The road has been long for the ClawMan, David Rogers-Berry, best known as the savage drummer for NYC's insatiable mountain-punk quintet, O'Death, formed in 2003; with several albums and miles of tour beneath his belt, he has now released a solo project that has taken a lifetime to create.
David earned the handle ClawMan from his father and his biker-brethren at the age of three, a moniker that he would wear proudly throughout the years. Decades later, the ClawMan would be dealt a series of tragedies, with the sudden passing of his fiancee in 2007, followed by a diagnosis of osteosarcoma, a primary form of bone cancer, in 2009. Through the pain and complication, songwriting, to him, would become "a way to process these life changing events, but over time the work has evolved to be a creative outlet and statement, and not just a way to deal with the hardships."
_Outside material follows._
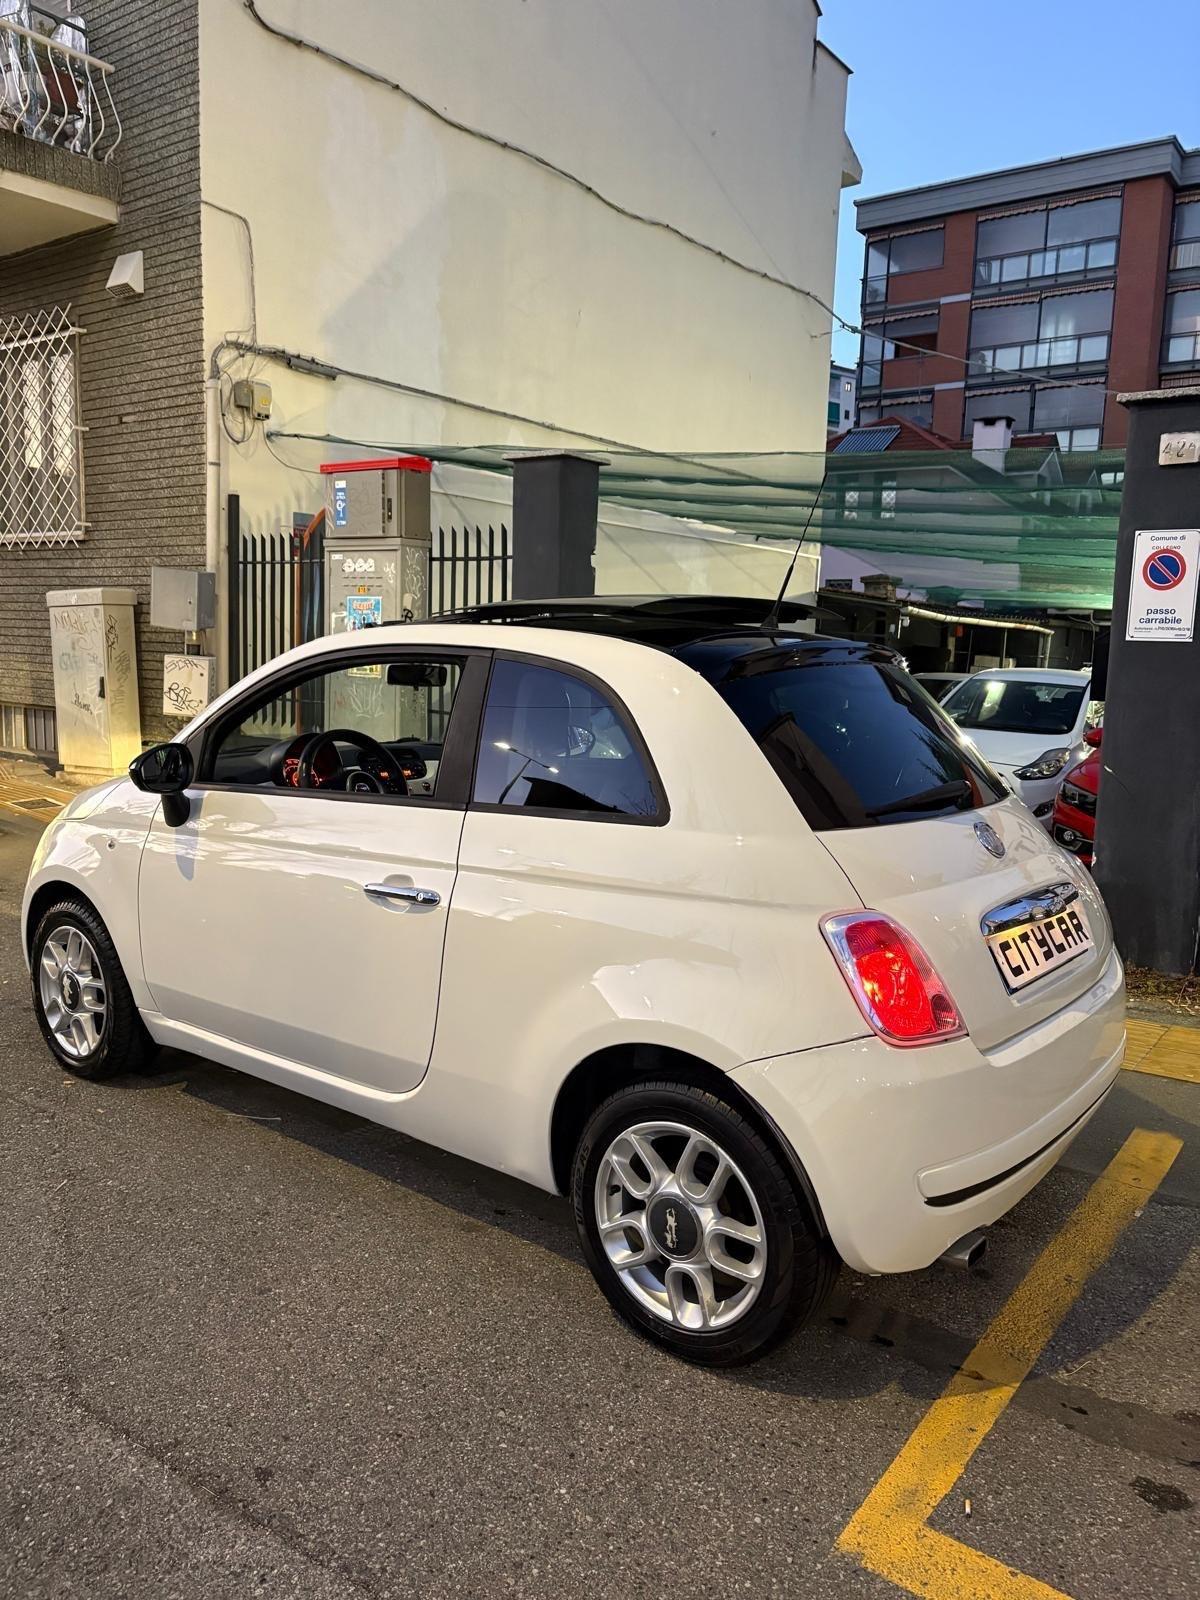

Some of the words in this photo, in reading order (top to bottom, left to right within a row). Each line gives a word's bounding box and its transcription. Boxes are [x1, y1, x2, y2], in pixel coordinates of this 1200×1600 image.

[1146, 607, 1176, 616] passo
[1139, 615, 1182, 625] carrabile
[998, 910, 1090, 978] CITYCAR
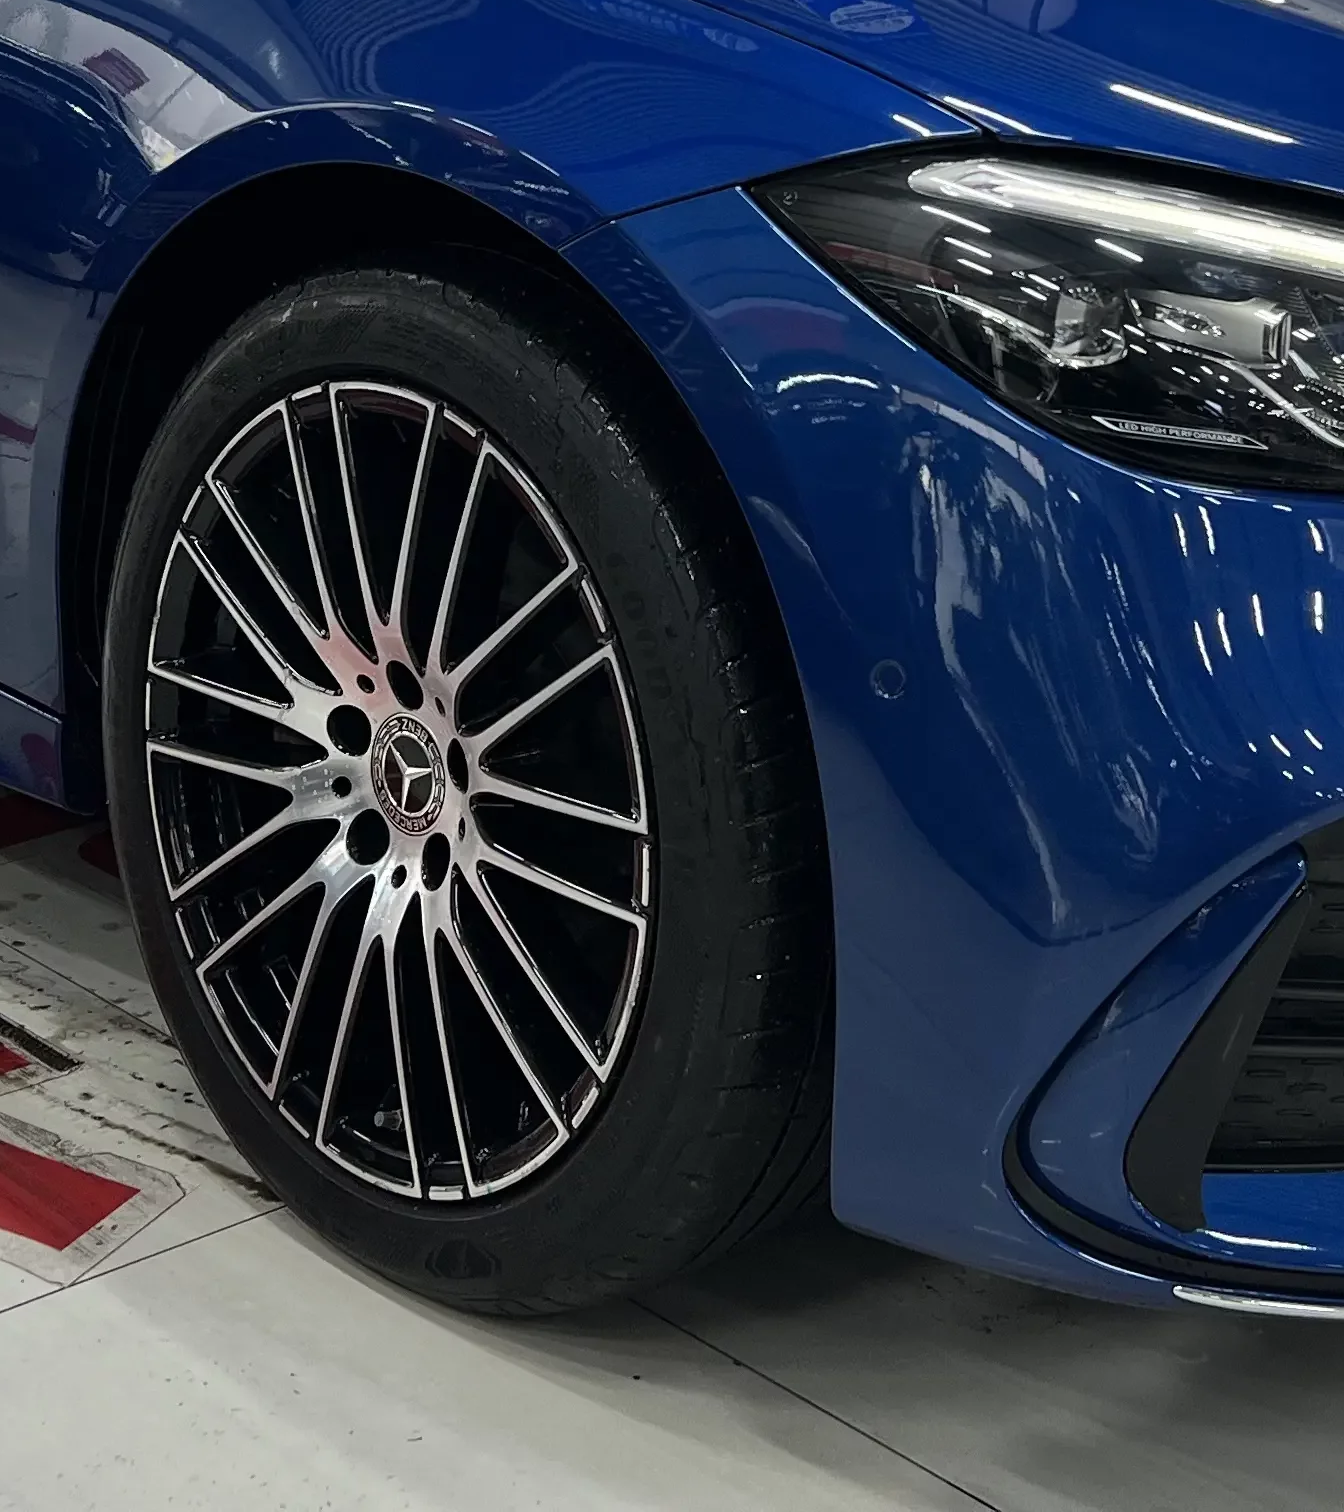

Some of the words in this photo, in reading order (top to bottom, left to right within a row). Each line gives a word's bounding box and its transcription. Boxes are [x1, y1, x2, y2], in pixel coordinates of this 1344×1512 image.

The song-writing project would take on a different light when David brought his material to be recorded with long-time collaborator and engineer Dan Sager, who has appeared on three different O'Death records, playing the euphonium. Both play a variety of instruments on the EP, and the project has grown, as the two share writing and engineering duties to form a comprehensive production team.
The journey to record seemed just as winding. The four-song EP was multi-tracked at Sager's home studio in Tillson, NY, relocated to West Hurley, NY, and finally ClawMan's recording operations have found a new home at Dirty Claw Recordings at The Chalet in Big Indian, NY, where the two focus on the upcoming ClawMan LP, develop a live show, compose scores for video projects (see Adventures of a Space Traveler by Seth Fried), as well as performing and recording with New York's, The Icebergs, another band for whom Rogers-Berry provides percussion, and is producing for an upcoming record (TBA).
Tillson Tapes begins with the track HATE, an eclectic anthem concerning a seemingly Zarathustrian struggle for purity of mind, and is followed by the melodic Baby Jewels, exploring that dreamlike place between horns and strings. Cry Cry Cry takes us to a songwriter's paradise before the record culminates in Fanfare for the Clawman, an instrumental worth a thousand words, seemingly reflecting life's duality of triumph and tears, reminding us that, like life, the claw's caress is both scathing and sweet.